Showing posts with label Abortion. Show all posts
Showing posts with label Abortion. Show all posts

Wednesday, August 03, 2022

Some Lessons and Questions After the Kansas Abortion Referendum

1. Since the Roe v. Wade decision, the typical American's position has been "abortion should be legally permitted for some reasons but not others." This remains true even in many conservative-leaning states, like Kansas, where a majority of elected representatives are pro-life.

2. Neither party fully represents this view, but the Dobbs decision has abruptly shifted the terms of political debate from whether abortions should be made modestly harder to get (a somewhat popular position) to whether they should be banned almost entirely (much less popular). This puts Republicans in a riskier position than they were in before Dobbs.

3. Republicans could partially mitigate this risk by moderating their abortion positions. But the trend within the party has instead moved toward greater ideological purity. Not only are there fewer pro-choice Republican candidates than there used to be, but a growing number of pro-life Republicans now oppose carving out exceptions to legal prohibition (e.g. to protect the woman's health) that were once considered standard doctrine within the party.

4. The abortion issue will almost certainly work to the net advantage of Democratic candidates this fall compared to an alternative timeline in which the Dobbs ruling did not occur. Dobbs forces Republicans to defend a less popular position than before, and it also provides an extra motivator for Democrats to turn out in a midterm election when they otherwise might have felt some ambivalence. How much of an advantage, however, is unclear; odds are still against it having a transformative effect on the overall outcome.

5. The overturning of Roe also makes abortion a much bigger issue in state and local politics than it ever was before. We will now start to find out what the effects of this change will be. They, too, are difficult to predict with confidence.

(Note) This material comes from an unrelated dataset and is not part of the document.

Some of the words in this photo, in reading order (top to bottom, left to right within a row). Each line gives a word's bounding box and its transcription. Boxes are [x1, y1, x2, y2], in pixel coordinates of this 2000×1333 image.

6. By increasing the electoral salience of abortion, an issue on which higher levels of education are associated with more liberal viewsDobbs will probably work to further increase the growing "diploma divide" separating Dem-trending college graduates from GOP-trending non-college whites. The best-educated county in Kansas is Johnson County (suburban Kansas City), where 56 percent of adults hold at least a bachelor's degree. Johnson County voted for George W. Bush in 2004 by 23 points, for John McCain in 2008 by 9 points, and for Mitt Romney in 2012 by 17 points, but was carried by Joe Biden in 2020 with an 8-point margin over Donald Trump. It voted against the pro-life referendum on Tuesday by a margin of 68 percent to 32 percent.

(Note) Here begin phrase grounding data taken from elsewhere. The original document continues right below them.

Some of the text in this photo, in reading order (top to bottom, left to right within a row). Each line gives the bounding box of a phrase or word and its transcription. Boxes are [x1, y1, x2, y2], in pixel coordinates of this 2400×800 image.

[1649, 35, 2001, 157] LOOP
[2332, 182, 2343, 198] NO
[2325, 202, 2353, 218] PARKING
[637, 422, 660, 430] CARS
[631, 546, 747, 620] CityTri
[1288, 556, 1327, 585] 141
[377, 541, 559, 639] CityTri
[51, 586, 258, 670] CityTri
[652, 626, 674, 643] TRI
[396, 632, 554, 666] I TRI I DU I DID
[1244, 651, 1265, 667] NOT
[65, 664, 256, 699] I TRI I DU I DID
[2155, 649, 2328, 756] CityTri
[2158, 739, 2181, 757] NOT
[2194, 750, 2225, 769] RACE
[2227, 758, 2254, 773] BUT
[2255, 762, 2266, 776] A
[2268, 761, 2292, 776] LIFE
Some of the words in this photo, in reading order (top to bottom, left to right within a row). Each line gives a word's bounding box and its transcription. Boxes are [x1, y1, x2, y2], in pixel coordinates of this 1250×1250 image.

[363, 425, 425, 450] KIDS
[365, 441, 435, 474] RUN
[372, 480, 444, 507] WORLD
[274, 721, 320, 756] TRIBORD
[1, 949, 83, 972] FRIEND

7. After the unusual national focus on politics during the Trump years, it would be reasonable to expect a bit of a collective withdrawal—a "vibe shift," perhaps—as Americans adjusted to the less aggressively newsworthy Biden presidency by spending more of their time and attention on other matters. But the remarkably high turnout rate for the Kansas referendum (held at a normally sleepy time of year for politics) raises the possibility that mass political engagement will remain at elevated levels despite Trump's departure from office. It's another thing to keep an eye on as we head into November.

Tuesday, June 28, 2022

A Backlash to Dobbs Depends on How Much It Affects the Middle Class

In the Atlantic on Monday, David Frum argued that the rise and fall of the Prohibition movement provides a useful historical parallel to the likely trajectory of abortion politics in the United States a century later. Prohibition sentiment grew steadily for decades after the Civil War, culminating in the nationwide banning of alcohol sales in 1919 via constitutional amendment and congressional legislation. Once imposed, however, the policy proved sufficiently unpopular that Prohibition was not only repealed within 14 years via a second constitutional amendment, but the entire national debate over the legality of alcohol was also permanently resolved. According to Frum, last week's Supreme Court decision in Dobbs v. Jackson Women's Health could well play an analogous role to the enactment of the Volstead Act: an apparent breakthrough victory for restrictionists that will turn out to presage a more enduring retreat.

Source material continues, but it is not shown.